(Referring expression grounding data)
◆ ◆ ◆

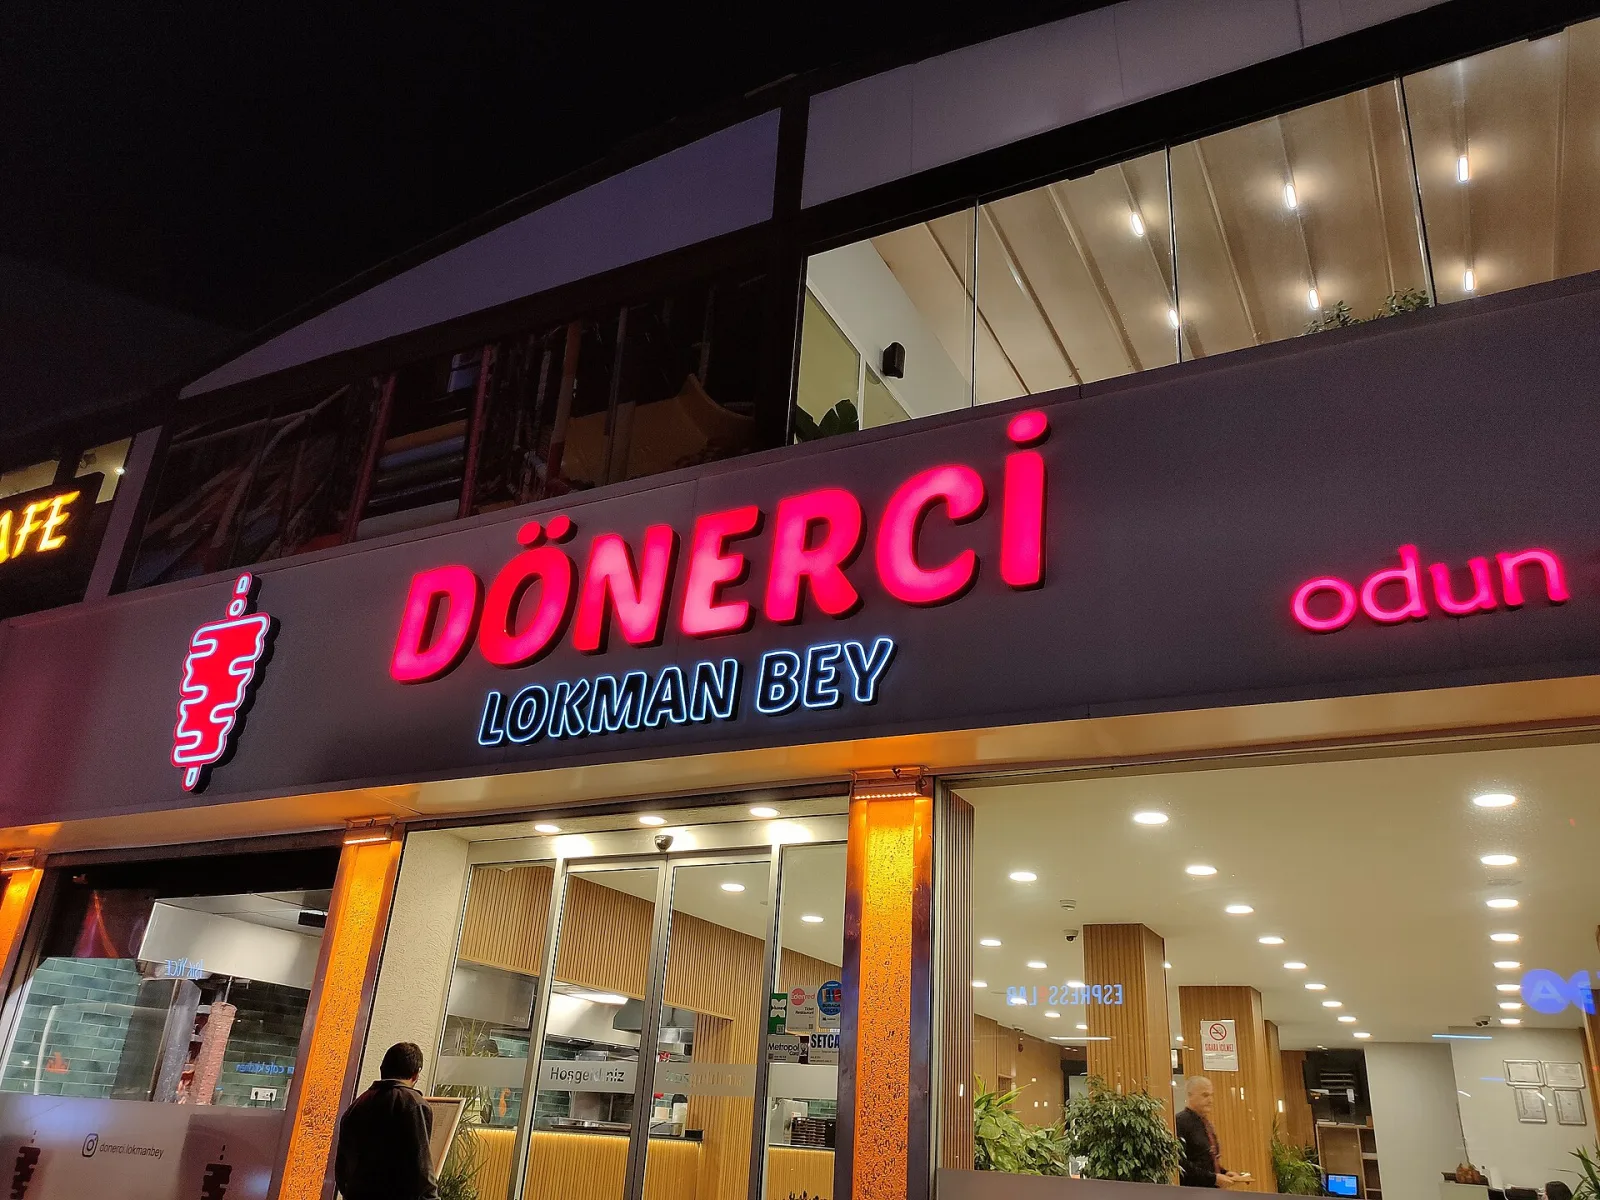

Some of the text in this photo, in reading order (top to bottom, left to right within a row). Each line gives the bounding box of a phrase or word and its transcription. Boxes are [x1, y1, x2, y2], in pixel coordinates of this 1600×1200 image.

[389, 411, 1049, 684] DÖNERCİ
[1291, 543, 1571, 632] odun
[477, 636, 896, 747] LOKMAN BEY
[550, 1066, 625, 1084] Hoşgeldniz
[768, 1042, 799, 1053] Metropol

◆ ◆ ◆

*ACTIVITY*.
All of the lines above should be printed exactly, minus the pictures.

*EXERCISE RESPONSE*.
Some of the text in this photo, in reading order (top to bottom, left to right within a row). Each line gives the bounding box of a phrase or word and its transcription. Boxes are [x1, y1, x2, y2], in pixel coordinates of this 1600×1200 image.

[389, 411, 1049, 684] DÖNERCİ
[1291, 543, 1571, 632] odun
[477, 636, 896, 747] LOKMAN BEY
[550, 1066, 625, 1084] Hoşgeldniz
[768, 1042, 799, 1053] Metropol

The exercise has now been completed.